Temperature sensitive effects on TYR glycosylation in 402Q/Q melanocytes

Previous work (Berson et al., 2000; Halaban et al., 1997; Halaban et al., 2000) has shown the presence of an immature glycoform of TYR 402Q, lacking essential monoglucosylated glycans, that is retained in the endoplasmic reticulum due to protein misfolding, with a mature glycoform able to be partially rescued when cells expressing the 402Q allele are grown at 31°C. Glycosylation analysis of extracts prepared from each of the three 402Q/Q melanocyte strains indicated a high sensitivity of TYR to endoH digestion when cells were grown at 37°C (Fig. 2B lower panels).
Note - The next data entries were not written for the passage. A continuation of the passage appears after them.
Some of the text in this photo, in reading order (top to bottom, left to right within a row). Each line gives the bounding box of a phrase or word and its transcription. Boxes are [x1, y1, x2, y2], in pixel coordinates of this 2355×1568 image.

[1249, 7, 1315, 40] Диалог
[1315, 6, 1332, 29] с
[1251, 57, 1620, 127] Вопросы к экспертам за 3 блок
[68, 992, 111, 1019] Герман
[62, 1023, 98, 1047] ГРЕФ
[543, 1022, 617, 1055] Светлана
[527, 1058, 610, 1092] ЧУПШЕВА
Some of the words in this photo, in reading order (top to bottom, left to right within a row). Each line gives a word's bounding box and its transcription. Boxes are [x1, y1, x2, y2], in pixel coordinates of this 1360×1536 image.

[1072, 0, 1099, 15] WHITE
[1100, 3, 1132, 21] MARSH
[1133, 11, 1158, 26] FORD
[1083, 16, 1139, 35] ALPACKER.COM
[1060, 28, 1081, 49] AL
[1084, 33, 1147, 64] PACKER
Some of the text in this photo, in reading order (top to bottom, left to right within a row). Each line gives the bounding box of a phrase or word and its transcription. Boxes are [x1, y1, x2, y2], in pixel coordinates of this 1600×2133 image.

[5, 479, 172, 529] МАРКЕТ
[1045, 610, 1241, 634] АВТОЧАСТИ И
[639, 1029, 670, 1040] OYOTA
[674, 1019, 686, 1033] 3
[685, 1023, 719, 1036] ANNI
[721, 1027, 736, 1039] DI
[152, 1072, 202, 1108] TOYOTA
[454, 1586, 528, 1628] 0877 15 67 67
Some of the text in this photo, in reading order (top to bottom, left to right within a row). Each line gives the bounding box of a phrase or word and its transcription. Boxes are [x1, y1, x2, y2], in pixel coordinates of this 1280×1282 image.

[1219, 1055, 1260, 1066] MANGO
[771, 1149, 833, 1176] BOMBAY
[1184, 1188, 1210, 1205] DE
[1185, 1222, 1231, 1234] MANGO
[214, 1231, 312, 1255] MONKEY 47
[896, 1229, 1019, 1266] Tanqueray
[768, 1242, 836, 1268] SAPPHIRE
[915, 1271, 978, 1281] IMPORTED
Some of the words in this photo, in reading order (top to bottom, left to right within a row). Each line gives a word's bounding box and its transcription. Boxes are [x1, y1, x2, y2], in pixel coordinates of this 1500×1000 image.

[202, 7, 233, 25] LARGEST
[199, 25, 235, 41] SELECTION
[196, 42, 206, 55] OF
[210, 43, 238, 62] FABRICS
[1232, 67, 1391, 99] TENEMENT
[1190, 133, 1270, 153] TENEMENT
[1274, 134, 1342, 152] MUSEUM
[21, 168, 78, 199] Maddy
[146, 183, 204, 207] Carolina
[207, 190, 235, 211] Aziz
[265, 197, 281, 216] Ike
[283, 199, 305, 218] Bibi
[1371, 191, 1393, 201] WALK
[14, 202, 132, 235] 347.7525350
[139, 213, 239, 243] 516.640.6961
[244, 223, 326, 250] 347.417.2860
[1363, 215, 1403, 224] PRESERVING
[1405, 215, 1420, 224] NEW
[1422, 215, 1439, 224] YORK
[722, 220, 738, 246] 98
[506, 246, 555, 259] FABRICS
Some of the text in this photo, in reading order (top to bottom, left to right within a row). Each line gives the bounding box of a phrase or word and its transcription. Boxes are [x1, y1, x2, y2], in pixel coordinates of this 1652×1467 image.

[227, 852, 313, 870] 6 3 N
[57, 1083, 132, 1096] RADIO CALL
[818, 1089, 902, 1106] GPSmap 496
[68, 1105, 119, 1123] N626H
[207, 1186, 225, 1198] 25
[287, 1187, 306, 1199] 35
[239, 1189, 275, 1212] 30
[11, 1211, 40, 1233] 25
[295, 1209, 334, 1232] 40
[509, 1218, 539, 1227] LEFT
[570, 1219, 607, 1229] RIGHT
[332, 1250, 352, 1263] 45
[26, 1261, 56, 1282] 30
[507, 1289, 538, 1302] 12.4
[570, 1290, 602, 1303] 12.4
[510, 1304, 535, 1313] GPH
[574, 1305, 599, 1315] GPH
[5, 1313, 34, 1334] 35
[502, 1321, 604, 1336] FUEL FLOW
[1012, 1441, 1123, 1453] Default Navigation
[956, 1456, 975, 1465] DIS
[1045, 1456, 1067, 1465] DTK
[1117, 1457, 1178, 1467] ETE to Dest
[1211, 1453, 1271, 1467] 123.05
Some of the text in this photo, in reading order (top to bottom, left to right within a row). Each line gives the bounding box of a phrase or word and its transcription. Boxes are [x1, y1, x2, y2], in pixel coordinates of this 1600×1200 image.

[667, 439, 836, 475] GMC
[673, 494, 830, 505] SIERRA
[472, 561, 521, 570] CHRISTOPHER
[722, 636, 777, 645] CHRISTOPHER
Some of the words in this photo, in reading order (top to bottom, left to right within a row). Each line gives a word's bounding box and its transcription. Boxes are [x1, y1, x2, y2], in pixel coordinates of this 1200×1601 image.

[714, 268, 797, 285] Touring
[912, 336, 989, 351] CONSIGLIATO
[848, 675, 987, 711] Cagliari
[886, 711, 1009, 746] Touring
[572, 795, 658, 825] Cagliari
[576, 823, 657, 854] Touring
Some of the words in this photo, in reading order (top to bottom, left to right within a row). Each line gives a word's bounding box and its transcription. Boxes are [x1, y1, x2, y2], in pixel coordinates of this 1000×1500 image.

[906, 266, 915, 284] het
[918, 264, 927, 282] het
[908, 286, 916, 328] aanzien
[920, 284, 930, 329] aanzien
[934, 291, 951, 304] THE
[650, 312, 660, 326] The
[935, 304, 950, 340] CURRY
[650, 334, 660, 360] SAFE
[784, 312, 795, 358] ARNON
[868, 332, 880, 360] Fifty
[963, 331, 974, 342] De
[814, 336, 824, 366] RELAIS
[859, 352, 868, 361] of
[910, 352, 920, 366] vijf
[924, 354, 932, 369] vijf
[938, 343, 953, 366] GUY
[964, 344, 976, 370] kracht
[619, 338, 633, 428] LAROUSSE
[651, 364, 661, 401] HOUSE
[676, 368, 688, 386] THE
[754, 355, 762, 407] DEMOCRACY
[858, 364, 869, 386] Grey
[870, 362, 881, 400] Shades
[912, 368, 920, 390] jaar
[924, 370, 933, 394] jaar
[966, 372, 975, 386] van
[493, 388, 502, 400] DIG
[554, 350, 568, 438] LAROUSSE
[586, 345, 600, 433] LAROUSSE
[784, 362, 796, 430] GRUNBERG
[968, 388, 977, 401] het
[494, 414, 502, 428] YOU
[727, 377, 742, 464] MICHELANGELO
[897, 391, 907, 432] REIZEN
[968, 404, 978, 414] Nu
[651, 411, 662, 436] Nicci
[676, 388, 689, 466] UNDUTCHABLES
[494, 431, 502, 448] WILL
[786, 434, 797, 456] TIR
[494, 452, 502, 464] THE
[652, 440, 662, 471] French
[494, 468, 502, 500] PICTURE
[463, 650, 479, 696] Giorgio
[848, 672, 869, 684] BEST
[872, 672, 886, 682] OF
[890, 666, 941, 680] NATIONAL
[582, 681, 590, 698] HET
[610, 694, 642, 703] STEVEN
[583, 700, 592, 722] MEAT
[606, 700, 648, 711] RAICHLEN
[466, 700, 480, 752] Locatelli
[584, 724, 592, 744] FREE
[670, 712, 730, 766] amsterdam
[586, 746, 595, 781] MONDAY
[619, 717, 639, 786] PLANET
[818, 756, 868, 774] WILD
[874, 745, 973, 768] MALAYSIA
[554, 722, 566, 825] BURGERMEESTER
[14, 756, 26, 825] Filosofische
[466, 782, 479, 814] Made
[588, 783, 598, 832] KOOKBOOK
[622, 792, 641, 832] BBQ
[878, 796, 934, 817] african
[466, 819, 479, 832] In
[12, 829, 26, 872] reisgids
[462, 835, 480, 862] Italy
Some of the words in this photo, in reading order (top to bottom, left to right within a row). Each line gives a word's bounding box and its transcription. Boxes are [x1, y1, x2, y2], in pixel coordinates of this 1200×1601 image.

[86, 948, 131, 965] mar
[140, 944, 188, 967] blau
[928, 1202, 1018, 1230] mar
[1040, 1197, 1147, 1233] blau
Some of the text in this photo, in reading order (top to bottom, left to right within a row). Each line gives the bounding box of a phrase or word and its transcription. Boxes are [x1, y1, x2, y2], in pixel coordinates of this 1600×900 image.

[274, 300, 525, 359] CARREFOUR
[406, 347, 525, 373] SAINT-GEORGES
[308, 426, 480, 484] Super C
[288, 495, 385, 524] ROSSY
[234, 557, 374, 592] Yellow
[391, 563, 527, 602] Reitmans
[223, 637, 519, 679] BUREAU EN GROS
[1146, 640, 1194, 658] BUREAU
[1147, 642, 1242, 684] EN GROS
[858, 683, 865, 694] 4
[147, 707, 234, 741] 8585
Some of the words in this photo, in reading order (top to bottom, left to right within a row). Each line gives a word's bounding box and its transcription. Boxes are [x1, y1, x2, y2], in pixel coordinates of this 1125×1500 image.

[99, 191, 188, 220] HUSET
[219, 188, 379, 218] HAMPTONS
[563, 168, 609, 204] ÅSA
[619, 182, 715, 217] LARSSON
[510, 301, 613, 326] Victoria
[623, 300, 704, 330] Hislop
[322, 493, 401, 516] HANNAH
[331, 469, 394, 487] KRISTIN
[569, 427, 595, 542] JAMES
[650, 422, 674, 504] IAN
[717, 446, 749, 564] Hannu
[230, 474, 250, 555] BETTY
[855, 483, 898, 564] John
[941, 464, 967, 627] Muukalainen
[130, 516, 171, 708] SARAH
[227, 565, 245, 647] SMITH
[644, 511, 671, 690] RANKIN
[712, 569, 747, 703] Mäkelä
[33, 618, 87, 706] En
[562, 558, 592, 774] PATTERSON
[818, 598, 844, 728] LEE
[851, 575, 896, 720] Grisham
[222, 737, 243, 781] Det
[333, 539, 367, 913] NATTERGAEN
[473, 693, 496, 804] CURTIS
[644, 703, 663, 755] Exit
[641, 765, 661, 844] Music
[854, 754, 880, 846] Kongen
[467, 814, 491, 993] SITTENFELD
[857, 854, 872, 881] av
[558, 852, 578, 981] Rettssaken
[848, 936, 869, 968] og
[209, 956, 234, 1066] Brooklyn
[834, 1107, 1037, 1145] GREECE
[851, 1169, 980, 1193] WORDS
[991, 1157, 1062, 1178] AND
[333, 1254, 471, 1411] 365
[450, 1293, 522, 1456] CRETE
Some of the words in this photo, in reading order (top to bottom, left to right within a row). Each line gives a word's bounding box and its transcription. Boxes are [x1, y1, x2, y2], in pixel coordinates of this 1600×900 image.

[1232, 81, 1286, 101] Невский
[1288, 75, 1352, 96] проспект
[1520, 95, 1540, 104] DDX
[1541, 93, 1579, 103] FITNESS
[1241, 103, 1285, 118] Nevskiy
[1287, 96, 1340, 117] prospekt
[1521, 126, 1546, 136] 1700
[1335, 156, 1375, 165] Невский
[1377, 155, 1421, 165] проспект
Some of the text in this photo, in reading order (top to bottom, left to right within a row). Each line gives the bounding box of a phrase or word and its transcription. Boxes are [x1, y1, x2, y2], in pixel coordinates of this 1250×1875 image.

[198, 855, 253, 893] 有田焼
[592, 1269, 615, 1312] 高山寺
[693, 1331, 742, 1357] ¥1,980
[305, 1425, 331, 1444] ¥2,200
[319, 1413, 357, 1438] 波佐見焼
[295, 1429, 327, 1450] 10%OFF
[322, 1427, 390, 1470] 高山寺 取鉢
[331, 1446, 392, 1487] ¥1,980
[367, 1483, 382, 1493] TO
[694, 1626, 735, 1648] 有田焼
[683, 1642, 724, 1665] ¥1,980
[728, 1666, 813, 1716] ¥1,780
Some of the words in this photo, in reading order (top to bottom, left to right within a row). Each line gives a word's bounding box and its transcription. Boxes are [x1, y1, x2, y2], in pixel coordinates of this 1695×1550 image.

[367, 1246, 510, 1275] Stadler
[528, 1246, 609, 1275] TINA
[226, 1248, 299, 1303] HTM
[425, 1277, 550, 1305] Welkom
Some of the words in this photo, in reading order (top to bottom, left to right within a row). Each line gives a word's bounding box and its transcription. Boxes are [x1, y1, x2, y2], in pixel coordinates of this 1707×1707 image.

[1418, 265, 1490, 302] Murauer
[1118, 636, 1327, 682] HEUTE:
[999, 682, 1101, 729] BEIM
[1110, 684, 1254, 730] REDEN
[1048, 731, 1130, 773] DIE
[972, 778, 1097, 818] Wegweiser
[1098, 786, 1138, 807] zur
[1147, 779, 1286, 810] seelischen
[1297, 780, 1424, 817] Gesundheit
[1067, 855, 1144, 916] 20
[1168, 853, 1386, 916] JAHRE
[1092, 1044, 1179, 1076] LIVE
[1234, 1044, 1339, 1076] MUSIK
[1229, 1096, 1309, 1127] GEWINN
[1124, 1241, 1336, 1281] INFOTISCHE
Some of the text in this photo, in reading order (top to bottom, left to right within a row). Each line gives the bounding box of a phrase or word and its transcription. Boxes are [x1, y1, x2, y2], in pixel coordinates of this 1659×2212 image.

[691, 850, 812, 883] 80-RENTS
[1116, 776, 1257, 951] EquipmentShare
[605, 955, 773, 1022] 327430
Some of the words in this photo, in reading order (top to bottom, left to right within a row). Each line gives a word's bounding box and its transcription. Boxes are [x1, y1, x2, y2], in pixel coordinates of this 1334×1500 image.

Analysis of the three WT strains however exhibited a form of TYR more resistant to endoH digestion at 37°C (Fig. 2B upper panels). In contrast, a more complex and mature TYR glycoform is observed for the 402Q/Q strains grown at 31°C, indicating that a higher degree of resistance to endoH digestion is induced by growth at the lower temperature. Digestion with PNGaseF cleaves both mature and immature glycoproteins and represents the de-glycosylated form of TYR, observed as the fastest migrating bands on the gels shown in Figure 2B. As expected there is little difference in the pattern of the PNGaseF treated extracts, but the lower levels of TYR protein in the 402Q/Q strains grown at 37°C compared with 31°C is consistent with the thermo-instability of this form of the TYR protein (Fig. 2A). The glycosylation status of TYRP1 showed no change (Fig. S2). Resistance to endoH digestion was also examined in 402R/Q and 192Y/Y melanocyte strains grown at 37°C (Fig. S3), however no change in sensitivity to endoH digestion of TYR or TYRP1 was observed compared to WT cells.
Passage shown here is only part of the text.